The Consumer Financial Protection Bureau (CFPB) released a monthly complaint snapshot revealing that both private and federal student loan borrowers nationwide report persistent servicing breakdowns that may hinder the repayment process.
According to a press release, as of April 1, 2017, CFPB has handled approximately 1,163,200 consumer complaints across all products. In a year-to-year comparison examining the three-month time period of January to March, student loan complaints showed the greatest increase — 325 percent — of any product or service.
More than 44 million Americans have a collective $1.4 trillion in student loan debt — the nation’s second largest debt market behind mortgages. These borrowers rely on companies servicing their loans to manage all aspects of repayment, including providing them with available repayment options when they are struggling with their loans. Yet of all the complaints borrowers have — a whopping 64 percent — are about dealing with their student loan servicer.

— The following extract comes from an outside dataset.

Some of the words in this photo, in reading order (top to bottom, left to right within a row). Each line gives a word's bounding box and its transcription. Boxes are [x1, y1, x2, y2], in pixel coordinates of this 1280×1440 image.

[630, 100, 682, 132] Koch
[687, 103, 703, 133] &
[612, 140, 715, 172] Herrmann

“Student loan servicers play an important role in helping millions of people manage the loans they take out to pursue an education,” said CFPB Director Richard Cordray. “Unfortunately, borrowers continue to report difficulties and setbacks as they try to work with their servicers to manage their loan debt.”

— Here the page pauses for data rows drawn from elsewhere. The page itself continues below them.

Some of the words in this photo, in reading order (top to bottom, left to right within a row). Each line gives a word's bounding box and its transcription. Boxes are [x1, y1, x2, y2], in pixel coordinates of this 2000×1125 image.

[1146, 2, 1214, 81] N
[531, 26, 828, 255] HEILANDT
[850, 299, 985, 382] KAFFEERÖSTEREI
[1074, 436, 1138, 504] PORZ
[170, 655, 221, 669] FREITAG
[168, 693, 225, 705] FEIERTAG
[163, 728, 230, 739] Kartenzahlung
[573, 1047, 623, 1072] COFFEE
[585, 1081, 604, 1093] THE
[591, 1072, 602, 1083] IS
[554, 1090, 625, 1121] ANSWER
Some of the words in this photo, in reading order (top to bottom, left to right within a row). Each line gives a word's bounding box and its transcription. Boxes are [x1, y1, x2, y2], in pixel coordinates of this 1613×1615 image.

Consumers complain they are not informed about options that would allow them to continue repaying their loan, such as income-driven repayment plans. Instead, their servicer directs them into plans that suspend repayment and cause the interest on their loans to pile up. There are also complaints that their monthly student loan payments are misapplied by the servicer, which can cause a range of problems, including negative credit reporting and loss of certain loan benefits.

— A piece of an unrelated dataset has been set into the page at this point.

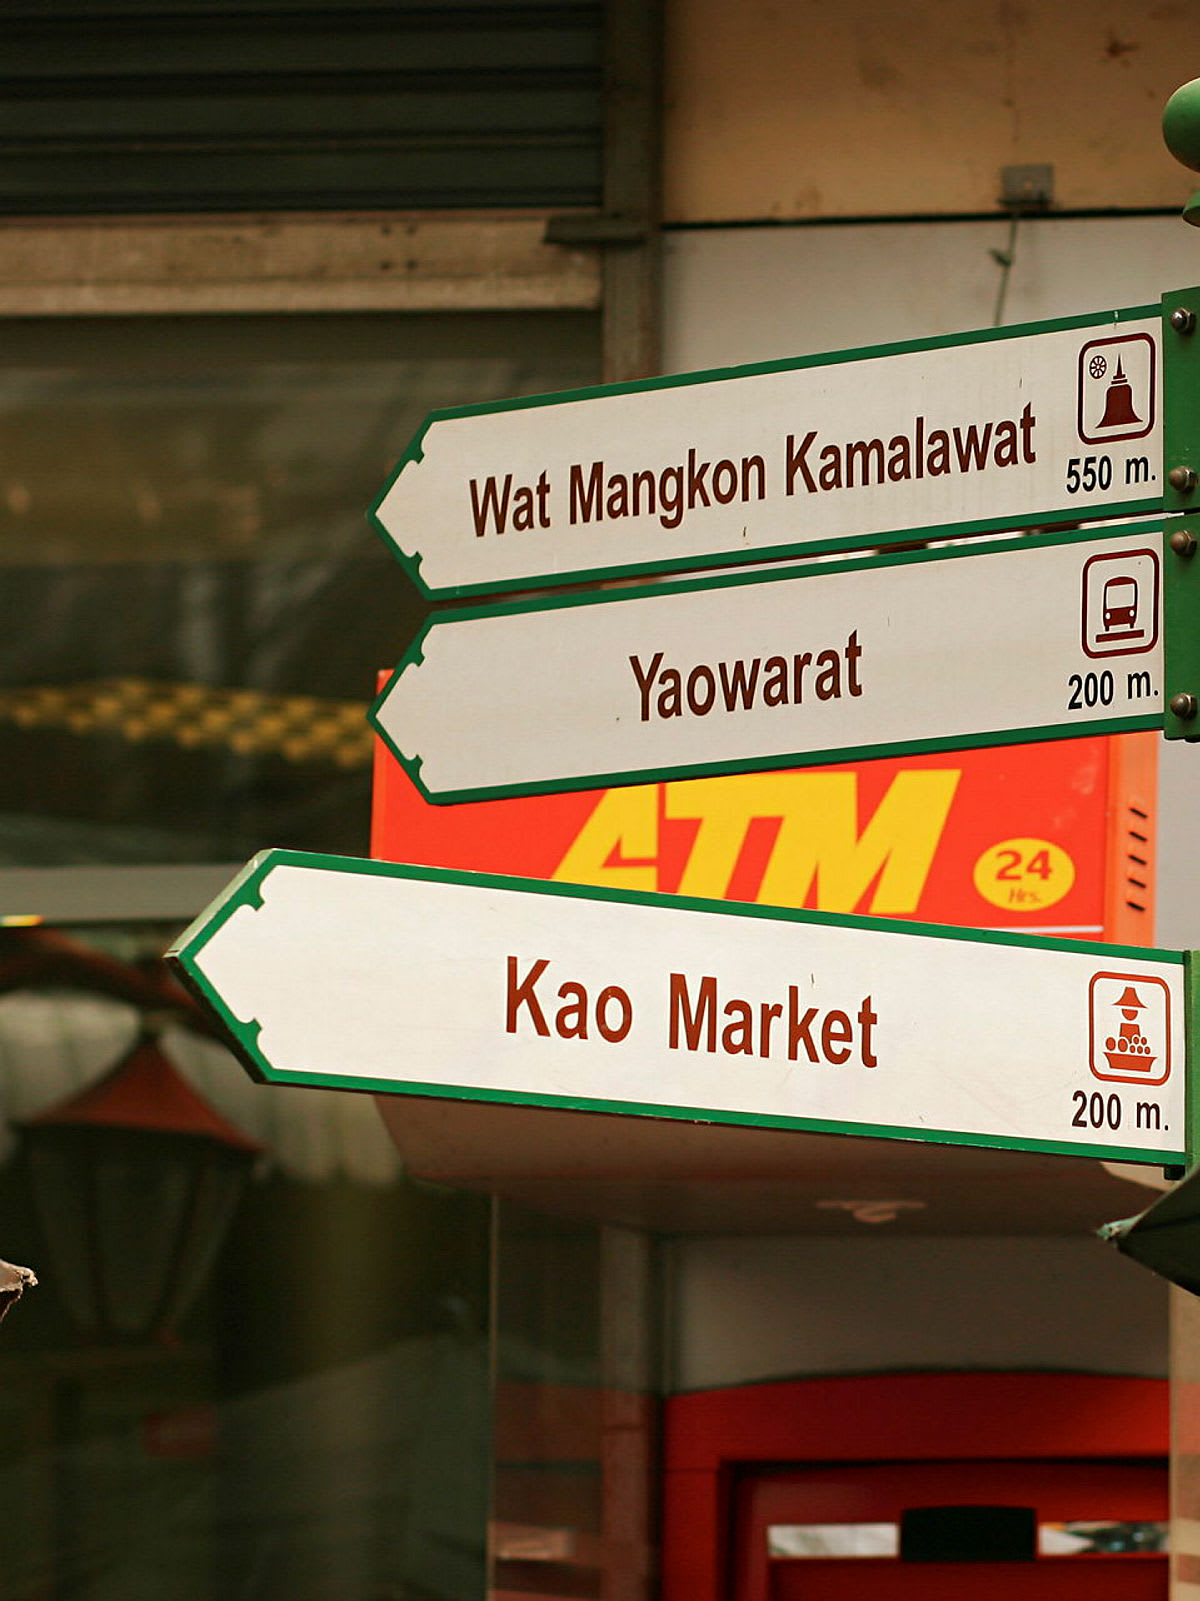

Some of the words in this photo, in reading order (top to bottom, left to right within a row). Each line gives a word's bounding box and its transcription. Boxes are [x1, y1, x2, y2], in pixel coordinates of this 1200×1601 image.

And it appears that many servicers make it as difficult as possible for a borrower to enroll in an income-driven repayment plan: Consumers complain about processing delays and inaccurate denials when submitting an income-driven repayment plan application. In addition, borrowers report receiving insufficient information from their servicers to meet recertification deadlines for their income-driven repayment plan.
There is also a great deal of confusion surrounding borrowers’ progress toward Public Service Loan Forgiveness programs, with some saying that after years of making payments, they learn that their loans are not enrolled in a qualifying repayment plan. Other borrowers complain that their servicer did not explain that consolidating their loans would wipe out all previous progress made toward loan forgiveness.
The three companies that the Bureau has received the most average monthly student loan complaints about are Navient Solutions, LLC, Fedloan Servicing/AES, and Nelnet. Montana, Georgia and Wyoming experienced the greatest year-to-year complaint volume increases from January to March 2017, versus the same time period 12 months before.